Their relatives, but as my generation told the prior one after my uncle’s childhood memoirs got published “hey, it may not be accurate but it is well-told!” The things told did happen, but he often attributed them to the wrong person or gave the wrong date, to the point where a few events actually took place before he was born (that uncle is the fourth of five children).
Most autobiographies I’ve read don’t tell the complete story of the person’s life. Rather, they focus on a narrative thread that captures the most exciting incidents. These are naturally periods of high emotion and stress, so your brain remembers them very clearly. I don’t think I’ve ever read historical or biographical book that gave equal “weight” to every moment. They skip the boring parts, just like your brain does.
Autobiographies are, by necessity, “paraphrased”. Often, there will be part in quotation marks, which probably are not faithful to the exact words uttered at the time.

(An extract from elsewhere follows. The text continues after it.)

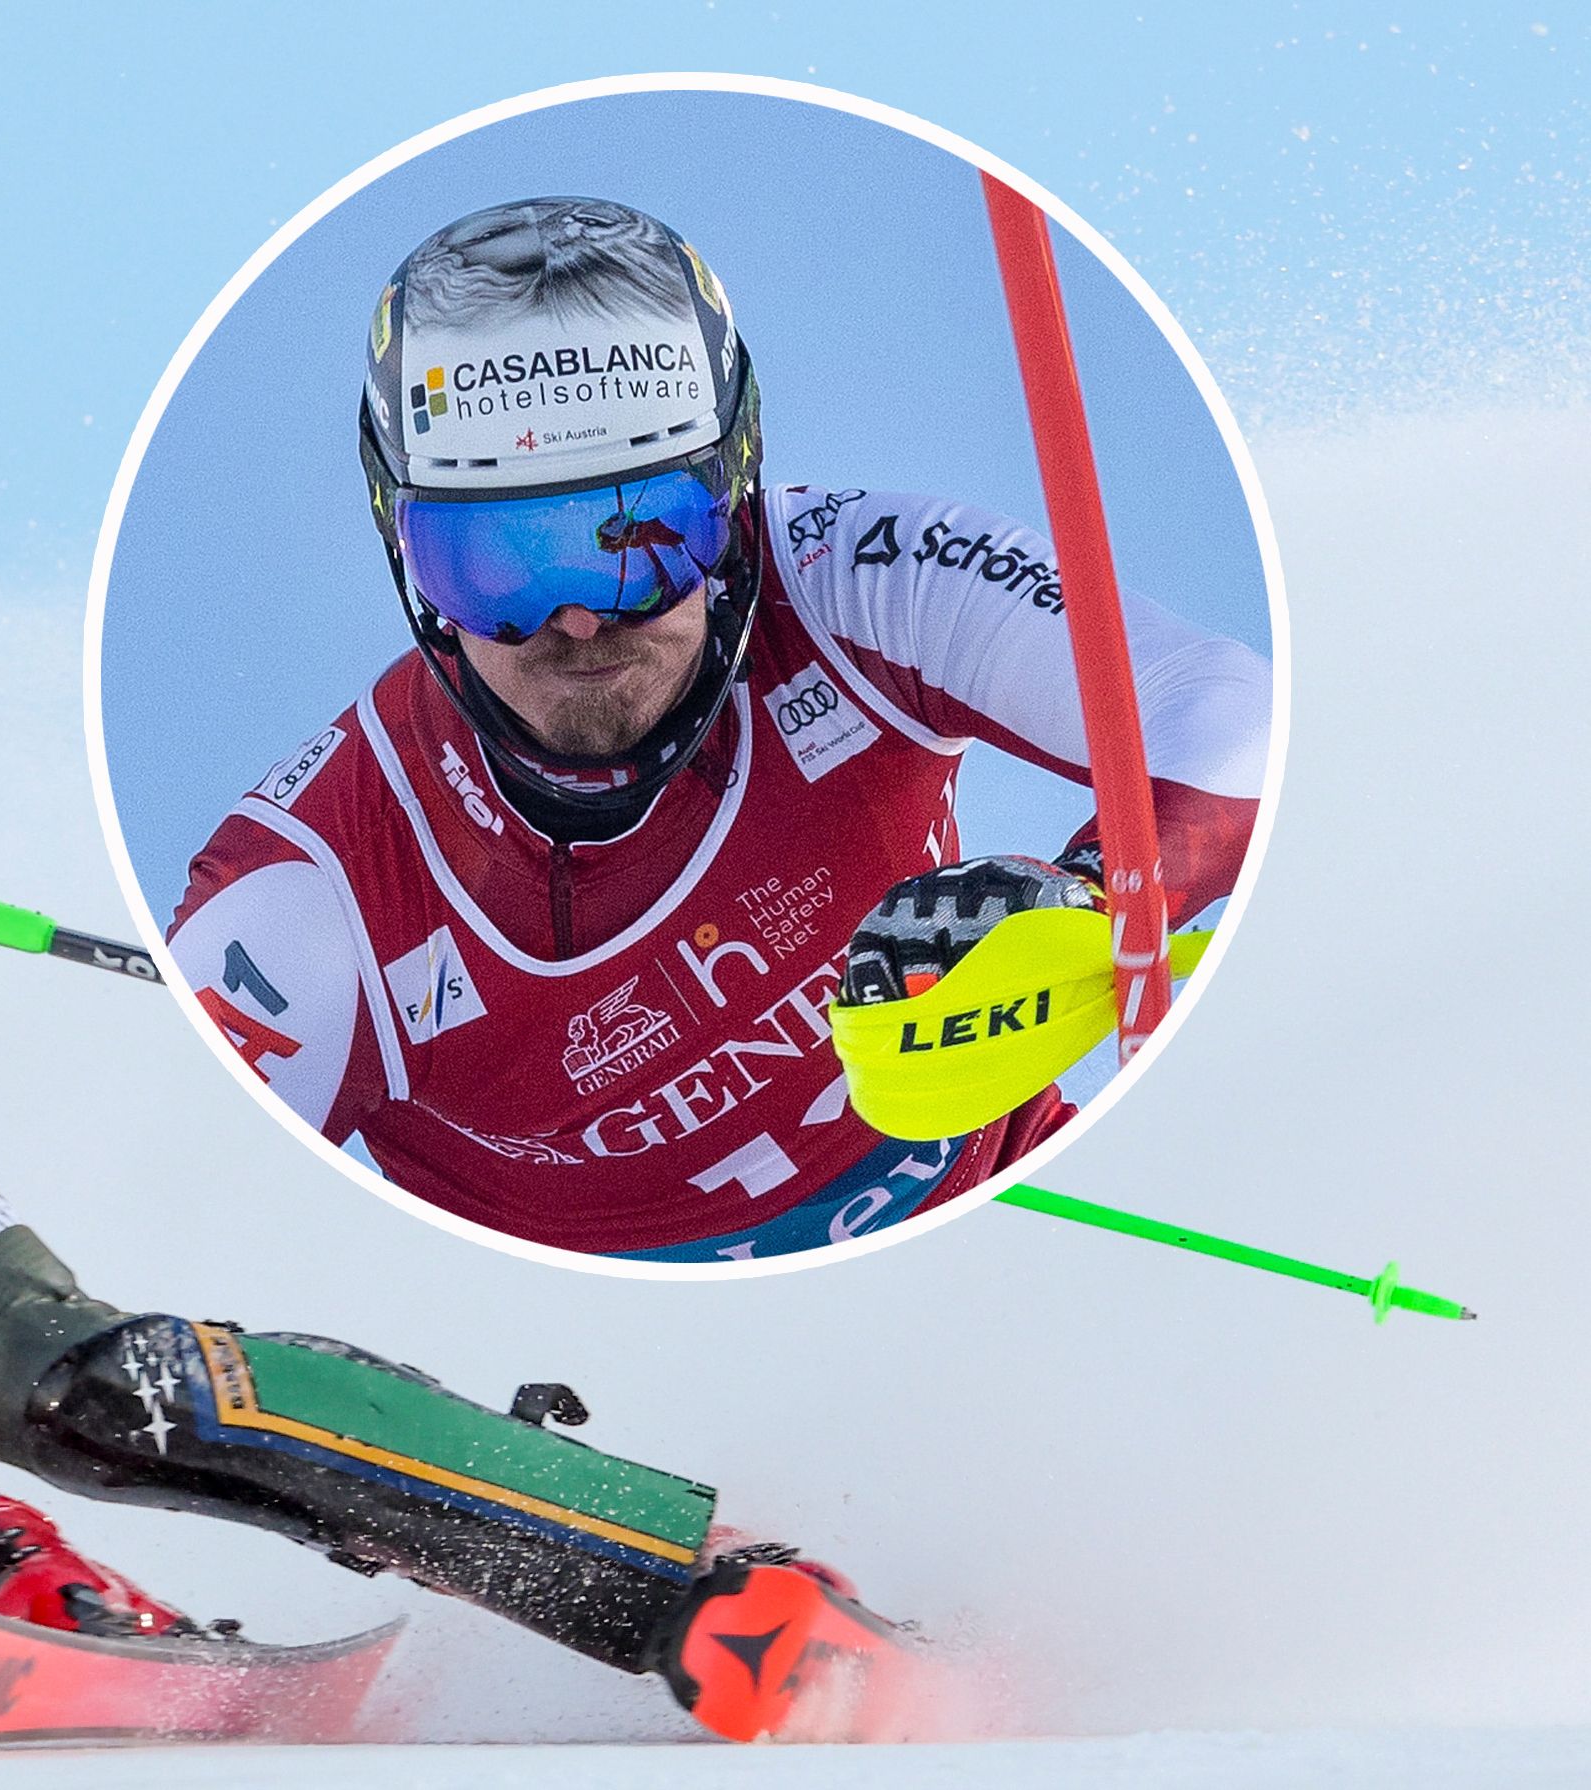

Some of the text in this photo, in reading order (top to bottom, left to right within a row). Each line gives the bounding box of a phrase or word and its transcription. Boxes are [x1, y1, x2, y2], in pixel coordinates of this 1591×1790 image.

Now that the internet provides me with exact details of all MLB baseball games played during my lifetime,. I have often discovered that I misremembered some details that I was sure of. Hank Sauer hit three homers in one game off Curt Simmons, but I could have sworn it was Robin Roberts. I also remembered that they were the Cubs’ only three hits of the game, and all came leading off an inning, but that was not true, either. So I now place much less reliance on memories that I was “certain” of.
I consider my own memory lapses to be typical, and when reading anyone else’s account, I am conscious of the likelihood of errors, even if the autobiographer is being as honest as he can. I also know that there are things in my past life that I would never admit to in a million years, even though revealing them would disclose quite a lot of insight about me that an autobiography is supposed to shed light on.